I did not know Rakesh Jhunjhunwala well enough. I did very few interviews with him over the span of my 18 years of journalism. The fact that I am still able to write about him shows how much he was followed, and how well he was heard by me and all other journalists covering equity markets. Believe me, when Rakesh spoke, not just the viewers, but the whole newsroom listened. For he could enthrall a newsroom with his wisecracks and rip to shreds the calmness of any interviewer with his sharp rebukes. While was a newsroom’s delight, he was also an interviewer’s enigma.

Rakesh Jhunjhunwala engaged with the media in various forms. Not only did he give chart-busting interviews, but he also got interviewed by top film personalities, and then also played interviewer to business leaders on Budget Day, In all, he imparted in equal measure both wisdom as well as common sense about investing. His interviews would start with a declaration of how he is not doing the conversation to help people make their portfolios, but ended up, directly or indirectly, doing just that. For that, people followed him and revered him.

Television newsrooms would gear up, debating about the colour of the newsflash to run, and ensuring internet connectivity backup for the person sending out those newsflashes about what the Big Bull was saying. He mattered, and no one left anything to chance when it came to an interview with Rakesh Jhunjhunwala.

Quite a few people would say that Rakesh Jhunjhunwala became the Rakesh Jhunjhunwala because he had the gumption to take sizeable positions. That probably does half justice to the sharpness of the investor that he was. Ramesh Damani, who was very close to Rakesh Jhunjhunwala, once cleared the air about this impression. In an interaction on BQ Prime, Damani asserted that Rakesh did not buy all of Titan on the same day. Sure, he may have needed some resolve to make the first investment. But topping up his investments as time went by, required skill… to assess the company’s business model over time, the management’s integrity and practices and the fate of the economy. That takes much more than just luck or guts.

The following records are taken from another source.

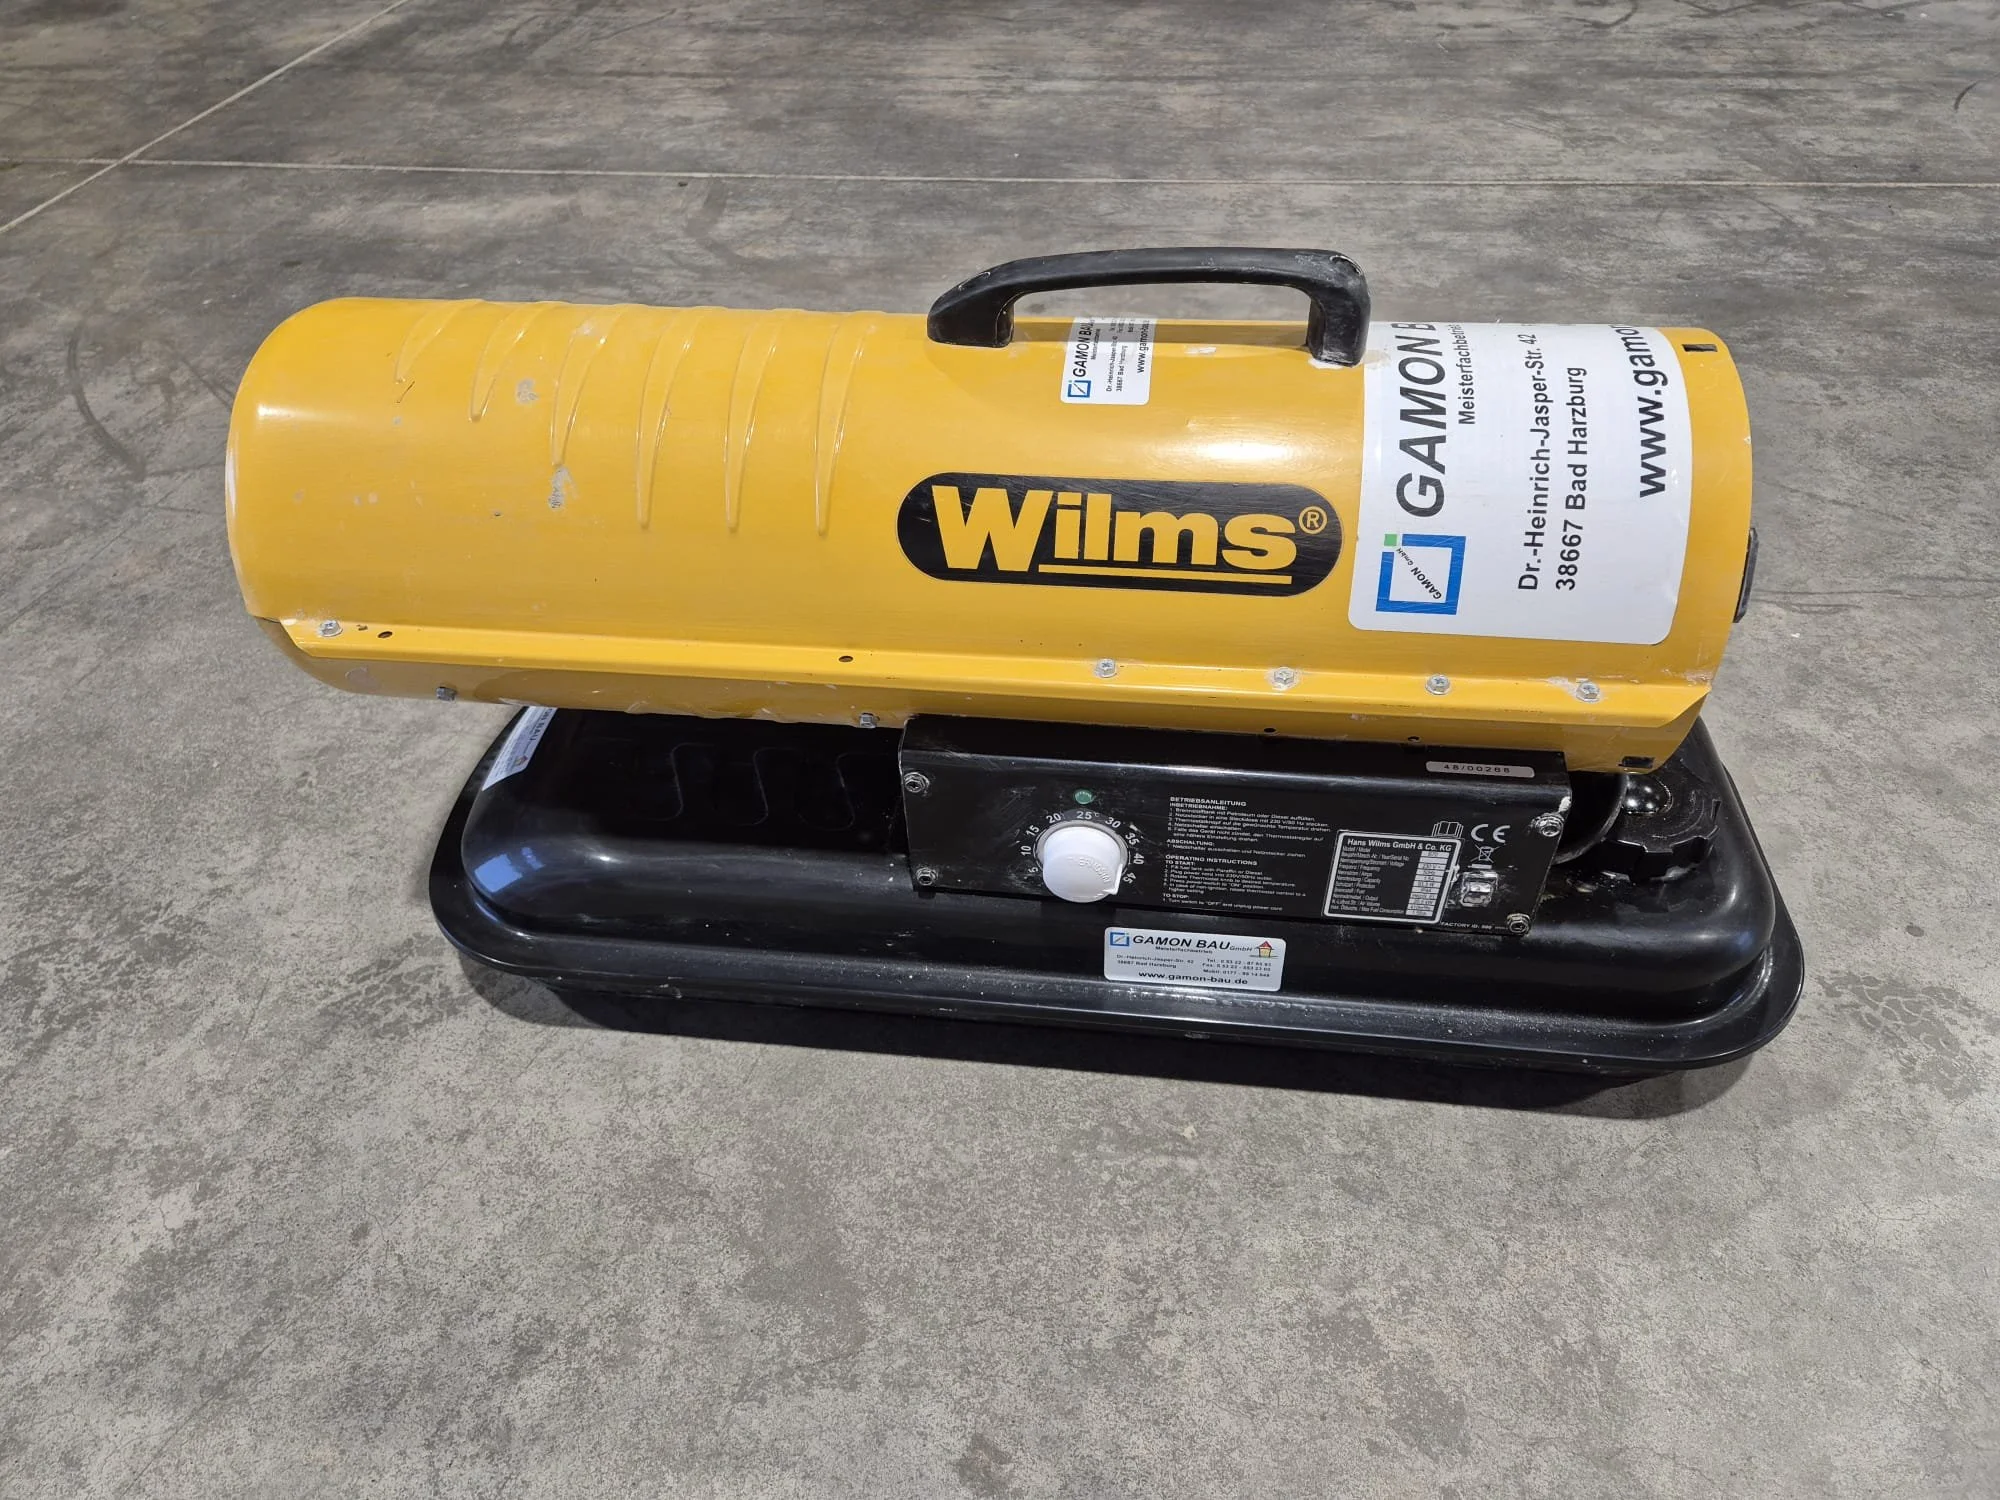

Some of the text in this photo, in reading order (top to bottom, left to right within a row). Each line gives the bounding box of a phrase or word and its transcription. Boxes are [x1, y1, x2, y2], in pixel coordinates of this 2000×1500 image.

[1072, 336, 1090, 378] GAMON
[1117, 365, 1125, 376] Bad
[1395, 334, 1446, 517] GAMON
[1518, 333, 1553, 590] Dr.-Heinrich-Jasper-Str. 42
[1555, 366, 1588, 591] 38667 Bad Harzburg
[1410, 566, 1443, 600] GAMON
[1170, 796, 1247, 807] BETRIEBSANLEITUNG
[1170, 802, 1228, 811] INBETRIEBNAHME:
[1045, 812, 1061, 824] 20
[1076, 810, 1093, 820] 25
[1104, 816, 1122, 829] 30
[1025, 824, 1040, 837] 15
[1125, 832, 1140, 845] 35
[1347, 838, 1367, 846] Hans
[1368, 840, 1391, 848] Wilms
[1392, 841, 1417, 849] GmbH
[1439, 844, 1453, 852] KG
[1020, 845, 1032, 857] 10
[1133, 852, 1145, 865] 40
[1165, 854, 1258, 866] OPERATING INSTRUCTIONS
[1123, 872, 1137, 884] 45
[1132, 935, 1193, 948] GAMON
[1195, 939, 1231, 950] BAU
[1138, 971, 1249, 985] www.gamon-bau.de

Another story about how it was to work with Rakesh came from one of the sharpest brains in the business, Atul Suri of Marathon Trends. In the days when used to work in Rakesh’s firm Rare Enterprises, Atul had visited the ET Now studios, where I used to work before BQ Prime. In some off-the-screen remarks when asked about working with Rakesh, Atul said it was like being in a classroom where no matter how hard the rest of the class tried, the first rank always went to this one student who would come up trumps. Atul spoke of how Rakesh had an investing brain that would think much ahead of others. That would make others in his team work much harder to be able to surprise him with a novel thought.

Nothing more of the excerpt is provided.